▸ RECORDS TO USE

# # # # # # #

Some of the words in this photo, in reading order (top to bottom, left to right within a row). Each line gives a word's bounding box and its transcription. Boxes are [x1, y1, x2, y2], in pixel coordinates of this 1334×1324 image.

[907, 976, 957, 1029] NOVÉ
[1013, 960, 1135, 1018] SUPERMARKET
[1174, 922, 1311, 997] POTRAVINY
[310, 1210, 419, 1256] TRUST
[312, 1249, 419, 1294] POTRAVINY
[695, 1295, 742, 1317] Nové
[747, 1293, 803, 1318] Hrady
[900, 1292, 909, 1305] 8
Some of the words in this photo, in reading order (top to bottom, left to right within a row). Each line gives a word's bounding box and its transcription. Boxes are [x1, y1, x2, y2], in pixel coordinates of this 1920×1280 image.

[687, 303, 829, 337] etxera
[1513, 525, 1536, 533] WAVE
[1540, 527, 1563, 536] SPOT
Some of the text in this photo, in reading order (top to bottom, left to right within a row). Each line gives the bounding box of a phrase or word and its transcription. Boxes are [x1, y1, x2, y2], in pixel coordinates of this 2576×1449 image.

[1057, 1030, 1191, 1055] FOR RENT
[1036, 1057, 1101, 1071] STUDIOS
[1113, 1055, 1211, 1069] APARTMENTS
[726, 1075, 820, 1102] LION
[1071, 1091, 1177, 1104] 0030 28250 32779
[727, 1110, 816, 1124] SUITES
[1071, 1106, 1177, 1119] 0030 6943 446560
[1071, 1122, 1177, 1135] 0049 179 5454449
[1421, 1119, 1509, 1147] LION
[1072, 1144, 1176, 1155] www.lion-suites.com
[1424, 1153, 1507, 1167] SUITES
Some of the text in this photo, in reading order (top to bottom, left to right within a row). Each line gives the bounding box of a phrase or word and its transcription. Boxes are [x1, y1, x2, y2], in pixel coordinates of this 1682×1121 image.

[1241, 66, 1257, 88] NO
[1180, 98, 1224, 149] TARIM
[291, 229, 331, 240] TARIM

# # # # # # #

▸ ACTION ITEM
Every line from the one containing "this 1682×1121 image." through the last line of the entries must be written out verbatim, and no other line.

▸ EXERCISE OUTPUT
Some of the text in this photo, in reading order (top to bottom, left to right within a row). Each line gives the bounding box of a phrase or word and its transcription. Boxes are [x1, y1, x2, y2], in pixel coordinates of this 1682×1121 image.

[1241, 66, 1257, 88] NO
[1180, 98, 1224, 149] TARIM
[291, 229, 331, 240] TARIM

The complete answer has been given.